TEXT OF COMMENTARY
KAI RYSSDAL: John Authers was just telling us about the potential, and the perils, of what have come to be called "frontier markets." Their popularity has come in part because of the global boom in oil and metals. Rising commodity prices are bringing in big money.
Commentator Paul Collier says it's a moment poor countries can't afford to squander.
PAUL COLLIER: Many of the world's poorest nations now have a big opportunity. They're sitting on commodities which are hugely valuable on global markets. This is their best chance for transformation, but we've been here before.
The last time this happened was the boom of the 1970s, but that opportunity was not utilized for sustained growth. Take Nigeria. The nation brought in around $100 billion from the oil spike, but instead of putting that money into developing the nation's economy, politicians used it to throw a party.
International standards could address the key government decisions that determine whether commodity revenues are utilized for development. For example, how should the right to extract commodities be sold? To date sales have often been private deals between ministers and companies. That way companies bribe or outsmart governments at the expense of their citizens. If instead the rights were sold through auctions, companies would have to compete openly. The true value would be revealed through competition among the bidders. The distinctive feature of a commodity auction is that all the suitors are sophisticated corporations, so there are no bargains. Auctions of this sort have the potential for misconduct, so they would need to be internationally verified.

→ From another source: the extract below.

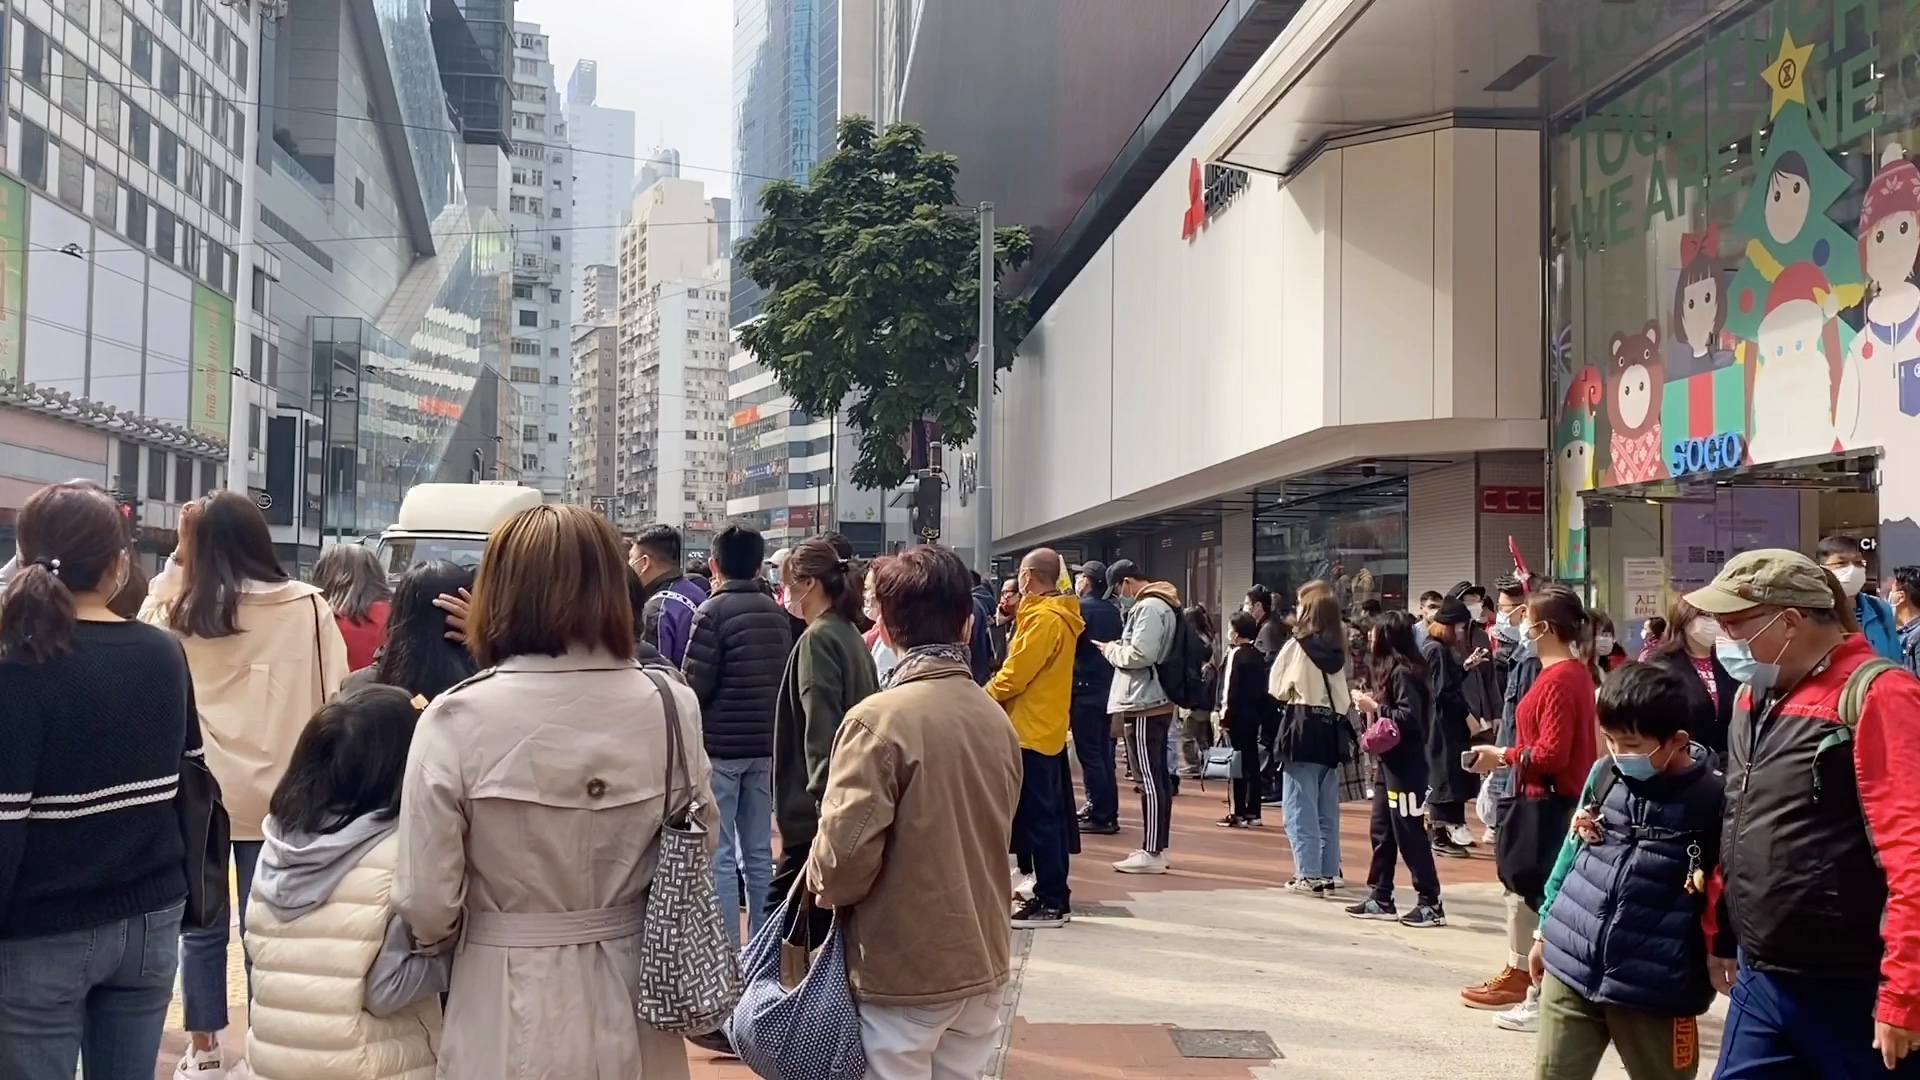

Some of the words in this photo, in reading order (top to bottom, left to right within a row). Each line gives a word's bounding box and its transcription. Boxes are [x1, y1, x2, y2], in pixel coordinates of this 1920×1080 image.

[1570, 174, 1634, 262] WE
[1671, 431, 1742, 478] SOGO
[1636, 594, 1656, 605] 入口

Each key decision could be guided by standards. Citizens would then know what to demand of their governments. Those that refused to adopt them would be revealed as crooked.
If international standards were voluntary, would they be effective? Well, we already have one, and its working. In 2002 Tony Blair launched an initiative for governments to tell their own citizens what revenues they receive. It was seized on by reformers in Nigeria, and many governments have now adopted it. Revenue transparency was the right place to start, but it would be the wrong place to stop. The populist pressures to use revenue booms for a party are strong, and guidelines can help to counter them. They help because reformers are only human and can easily fall out. A standard provides a common rallying point. Reformers in the bottom billion are struggling to prevent a repeat of history. We can help them.
RYSSDAL: Paul Collier's latest book is called "The Bottom Billion." He's the director of the Center for the Study of African Economies at Oxford University.